◆ **Text-to-region grounding data**
-----

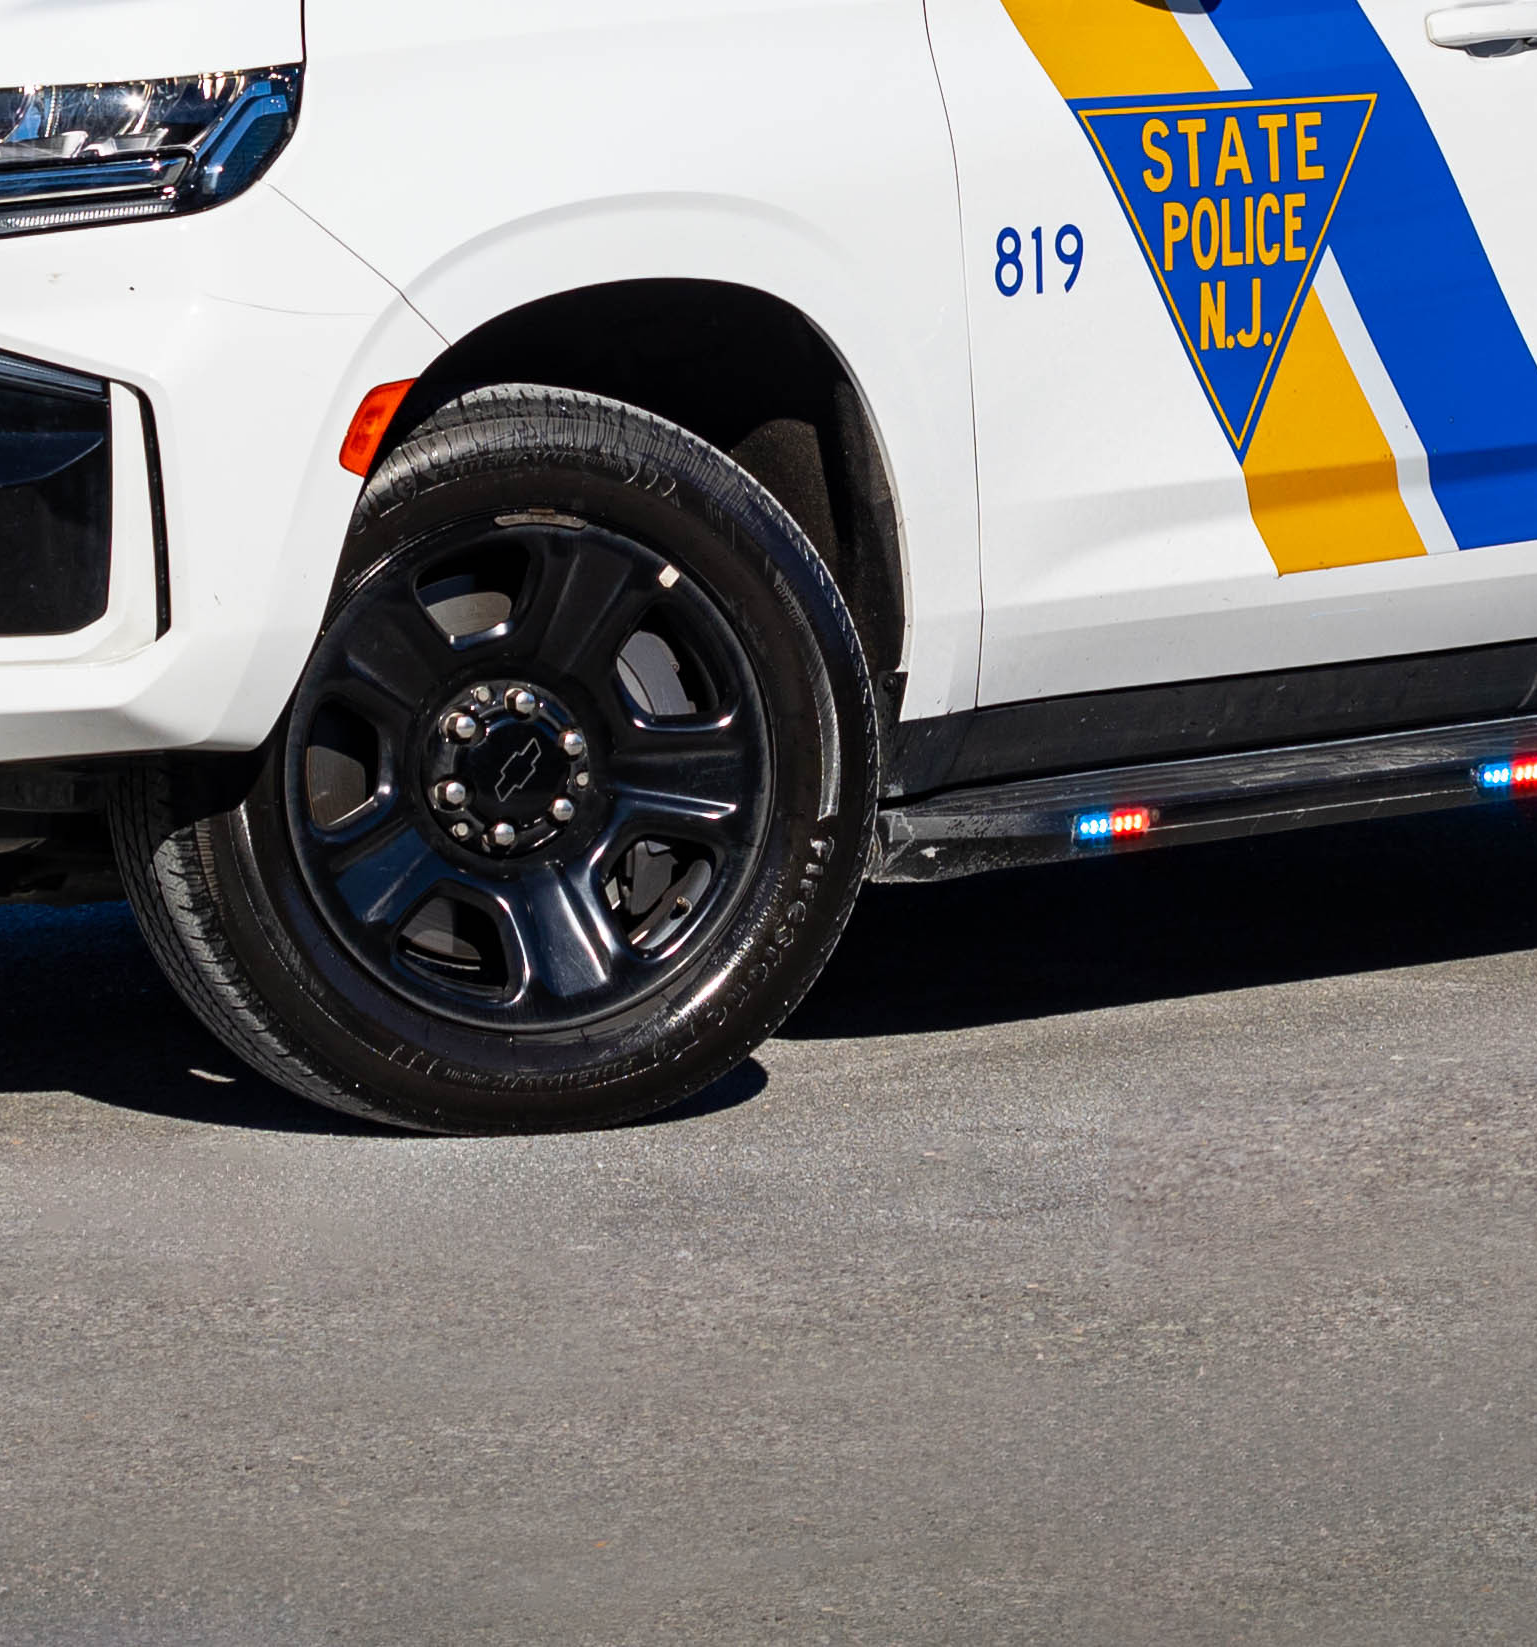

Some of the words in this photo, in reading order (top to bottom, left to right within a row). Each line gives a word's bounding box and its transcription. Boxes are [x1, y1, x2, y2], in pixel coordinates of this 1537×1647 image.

[1142, 111, 1325, 193] STATE
[994, 223, 1084, 297] 819
[1163, 192, 1307, 271] POLICE
[1200, 277, 1273, 350] N.J.
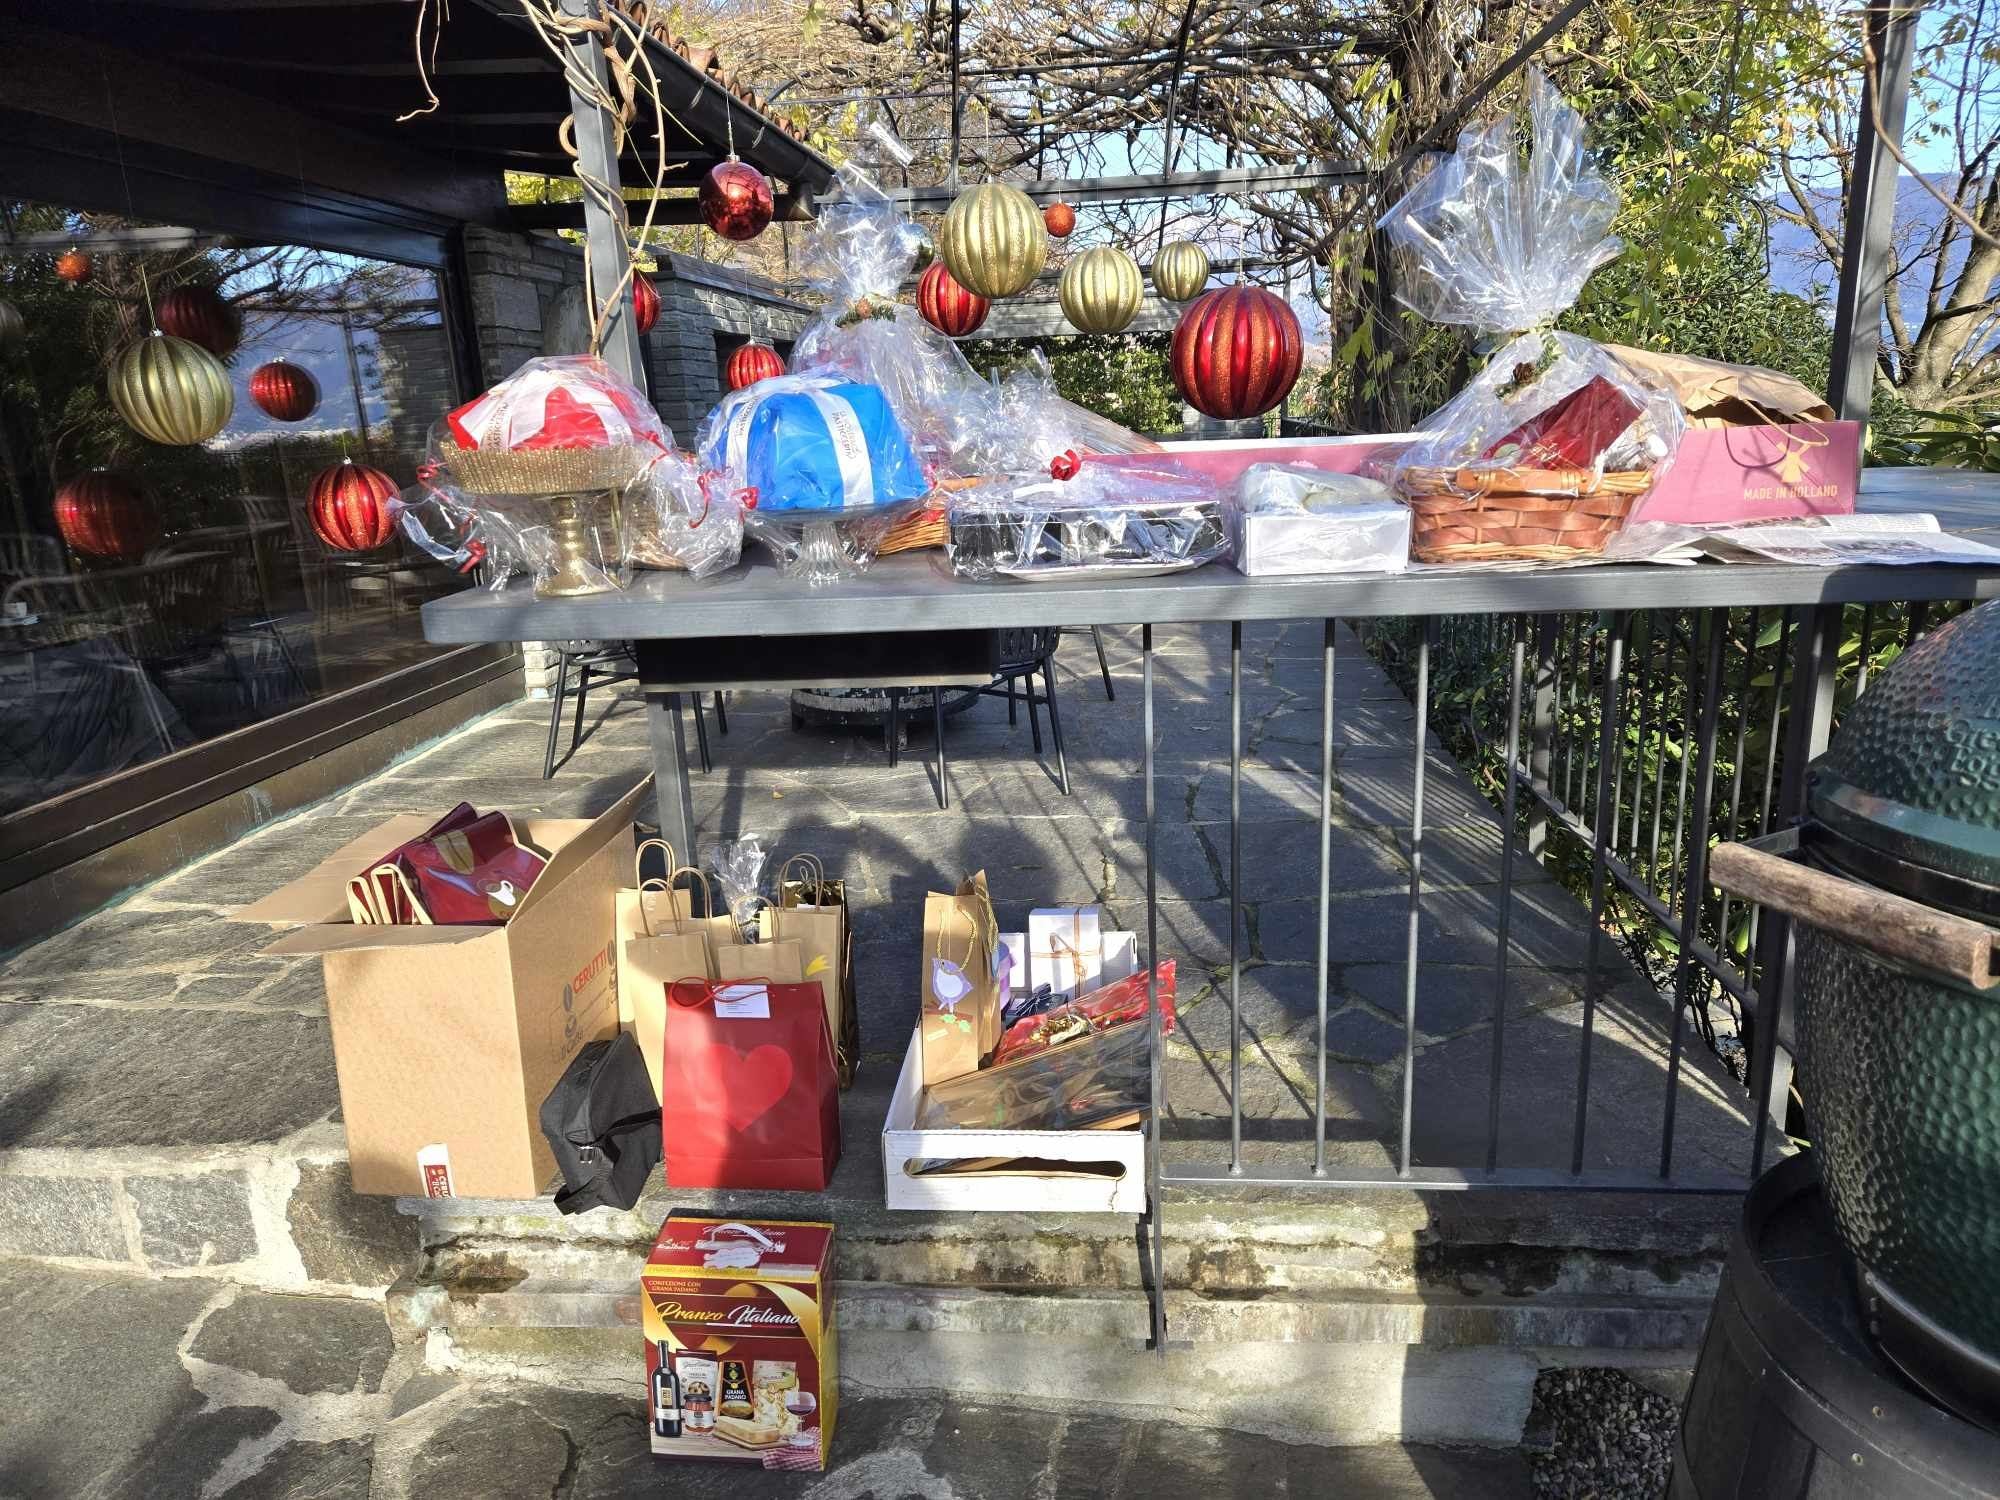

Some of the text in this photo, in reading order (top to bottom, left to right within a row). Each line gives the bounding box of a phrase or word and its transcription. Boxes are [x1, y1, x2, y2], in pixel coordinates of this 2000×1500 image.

[1744, 485, 1838, 500] MADE IN HOLLAND
[573, 948, 607, 993] CERUTTI
[655, 1301, 800, 1326] Pranzo Italiano

-----

◆ **WHAT IS REQUIRED**
Make an exact copy of the data above, pictures excluded.

◆ **COMPLETED TASK**
Some of the words in this photo, in reading order (top to bottom, left to right within a row). Each line gives a word's bounding box and its transcription. Boxes are [x1, y1, x2, y2], in pixel coordinates of this 1537×1647 image.

[1142, 111, 1325, 193] STATE
[994, 223, 1084, 297] 819
[1163, 192, 1307, 271] POLICE
[1200, 277, 1273, 350] N.J.

Some of the text in this photo, in reading order (top to bottom, left to right within a row). Each line gives the bounding box of a phrase or word and its transcription. Boxes are [x1, y1, x2, y2], in pixel coordinates of this 2000×1500 image.

[1744, 485, 1838, 500] MADE IN HOLLAND
[573, 948, 607, 993] CERUTTI
[655, 1301, 800, 1326] Pranzo Italiano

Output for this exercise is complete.